Australians embrace their madcap motorcyclist
Sydney - The fireworks on Sydney Harbour Bridge are a staple of New Year's Eve television broadcasts around the world.
The last couple of occasions the cheery scenes of exploding cordite have been backed by frightful images of expatriate motorcycle stuntman Robbie Maddison leaping to great heights.
A year ago Australians were celebrating when Maddison set a new world record with a 98-metre leap in a Las Vegas casino car park.
This week they are still agog over his latest Las Vegas midnight madness: leaping to the top of a 10-storey plywood replica of Paris's Arc de Triomphe and then dropping down the other side to complete the world's highest ever motorcycle jump.

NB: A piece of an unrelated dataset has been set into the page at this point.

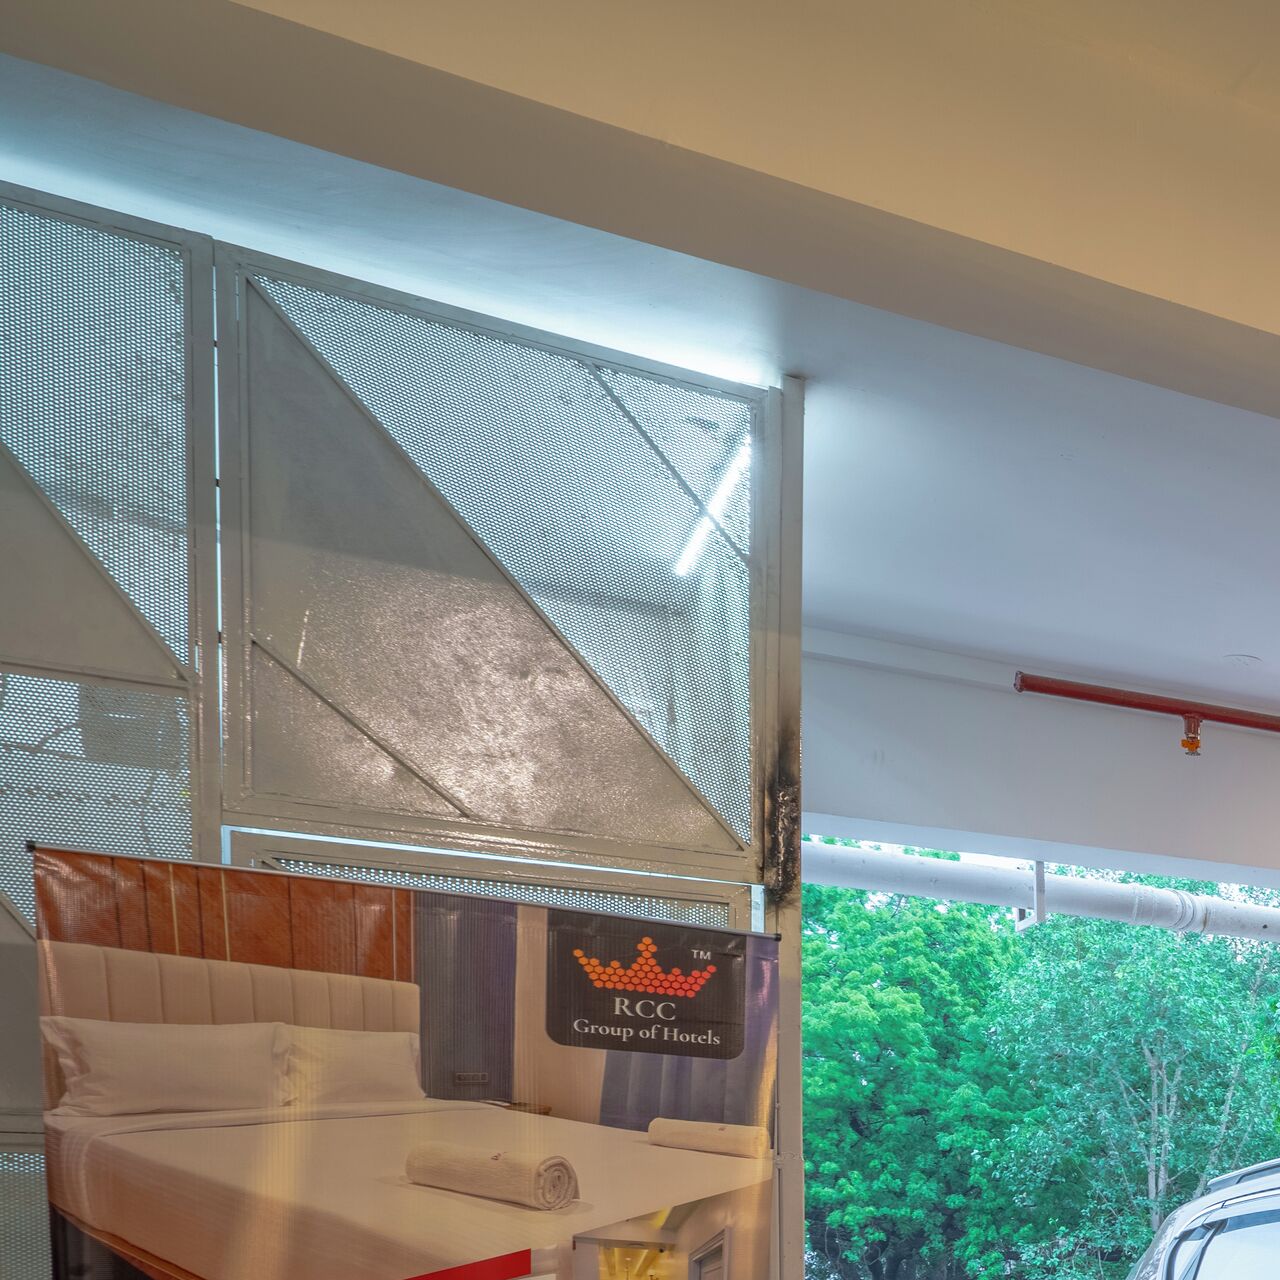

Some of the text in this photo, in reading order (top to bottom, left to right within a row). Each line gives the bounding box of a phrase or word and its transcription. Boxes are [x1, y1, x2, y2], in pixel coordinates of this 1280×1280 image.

"Robbie's had more than 13 lives and we count each day we have as a blessing," his mother Debbie told The Australian newspaper.
The 27-year-old professional motocross rider is well on the way to a place in the record books for personal injuries. The lad from the seaside resort of Kiama, near Sydney, has sustained a broken neck, broken collar bones, broken legs, broken vertebrae and a torn lower lip. Most of his front teeth have been knocked out and he's had a brain hemorrhage.
And there's the g-force damage to contend with when he hits the take-off ramp at speeds of up to 165 kilometres an hour.
"My eyes were flooded, and my vision was blurred on take-off," the former apprentice electrician told a Last Vegas paper last week. "If I hadn't forced myself through the g-force, I'd have been a goner."
The latest leap ended as quite a few do: in hospital. He had to have 10 stitches after his left hand tore open on impact as he completed the jump.
"To me, although there was blood, after everything I've been through and done to my body in the past with injuries, this was little more than a paper cut," the stoic said.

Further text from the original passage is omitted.